THE GHOST KNEW his master was about to die, and he wasn’t exactly unhappy about it. He knew that sounded bad. You’d think, after all those years together, that even he might have felt a twinge of sadness about the whole situation. But it’s hard to feel sorry for someone when: a) you’re a ghost, and everyone knows ghosts don’t have hearts, and b) that someone made her living out of forcing you to make other people miserable. He stared at her now as she lay on the narrow bed, gray and gaunt in the light of the full moon, her breath rasping and shallow. Watching her teeter slowly toward the end was a bit like watching a grape slowly become a raisin: the years had sucked the life and vitality out of her until she was nothing but a wrinkled shell of her former self. “Well,” she wheezed, squinting at him. Well, he said. “One more for the road, eh?” she said, nodding to the full moon out the window. And she grimaced as she offered him the ring finger of her right hand, as she had done so many times before. The ghost nodded. It seemed frivolous, but after all, he still needed to eat, whether or not his master lay dying.

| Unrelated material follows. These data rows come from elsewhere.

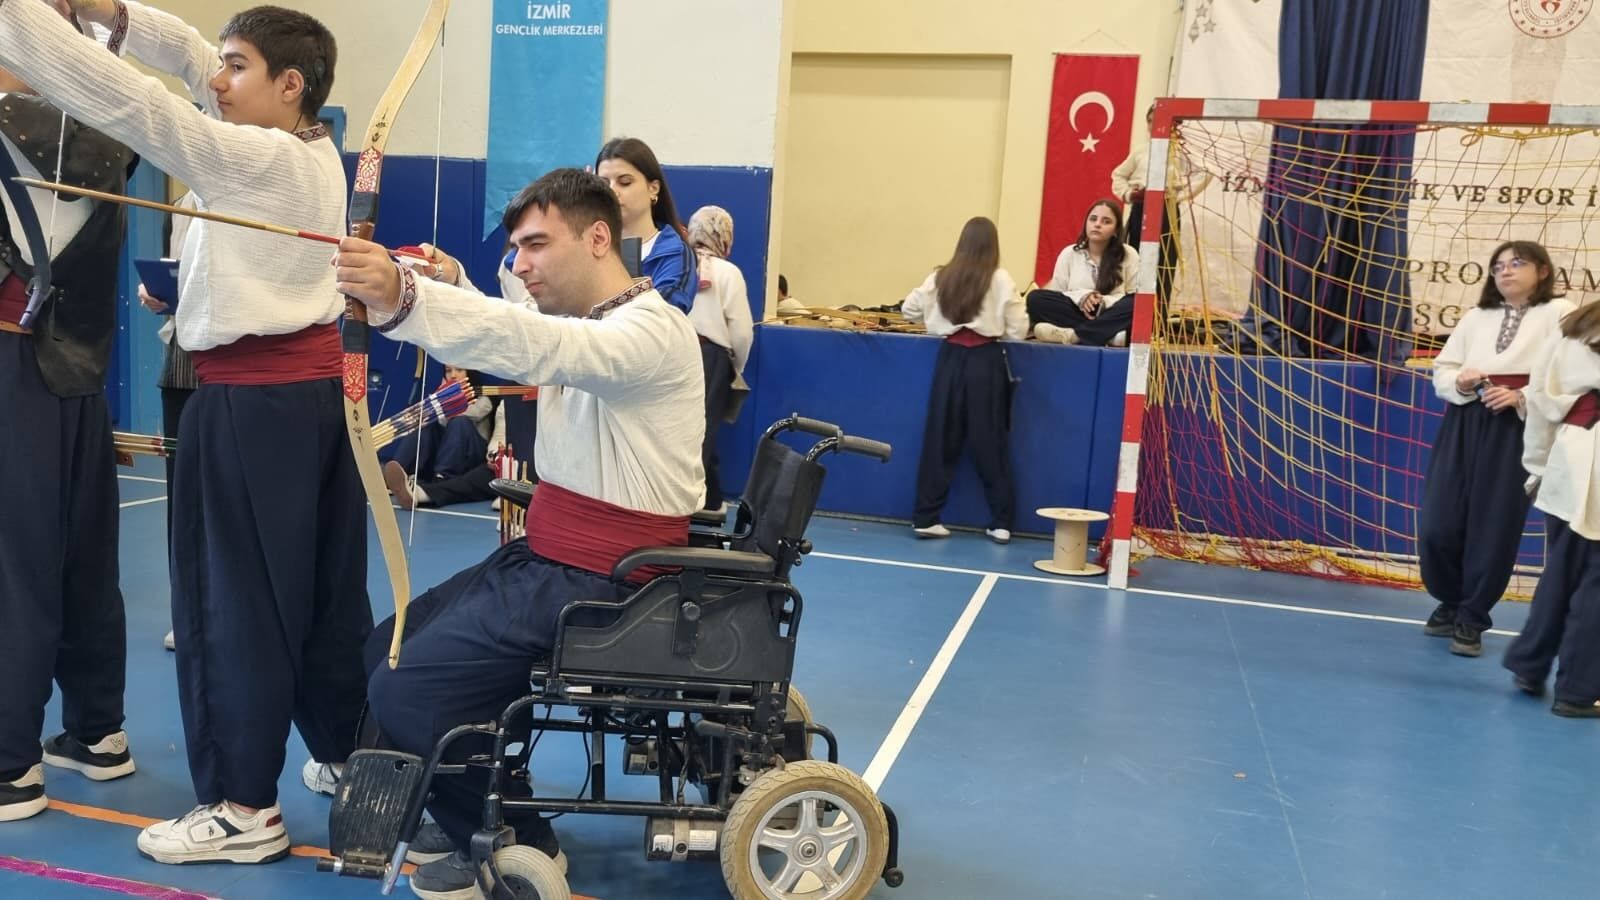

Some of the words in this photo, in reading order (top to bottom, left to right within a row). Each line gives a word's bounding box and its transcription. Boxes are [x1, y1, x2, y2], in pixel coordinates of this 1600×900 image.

[527, 0, 571, 20] İZMİR
[495, 23, 541, 36] GENÇLİK
[543, 23, 603, 36] MERKEZLERİ
[1451, 184, 1487, 203] VE
[1498, 186, 1575, 207] SPOR
[1414, 303, 1463, 333] ŞG

As he bent his head over the wrinkled hand, his sharp little teeth pricking the skin worn and calloused from time and use, the witch let out a sharp breath. Her blood used to be rich and strong and so thick with her magic that the ghost could get himself drunk on it, if he wasn’t careful. Now all he tasted was the stale tang of age, the sour notesthat came with impending death, and a bitter aftertaste he couldn’t quite place. Regret, perhaps. It was the regret that was hardest to swallow. The ghost drank nothing more than he had to, finishing quickly and sealing the tiny pinpricks of his teeth on her skin with spit. It is done, he told her, the words familiar as a favorite song, the ritual as comforting as a warm blanket. And I am bound to you, until the end. The witch patted his horned head gently. Her touch surprised him —she had never been particularly affectionate. “Well,” she said, her voice nothing more than a sigh. “The end is now.” And she turned her head to the window, where the sun was just rising over the cusp of the world, and died.
Ghost
FOR A WHILE after the witch drew her final breath the ghost sat very
still, wondering what to do next. Theoretically, he knew what was
supposed to happen: he was a pelesit after all, and a pelesit must
have a master. And since he was bound by blood, his new master
had to be of the same blood as the old.
It was finding this new blood that was going to be tricky. The
witch had not been much for family. Or friends. Or, if he was being
completely honest, people in general. There was a daughter, he
knew, a little girl with lopsided pigtails and an equally lopsided grin.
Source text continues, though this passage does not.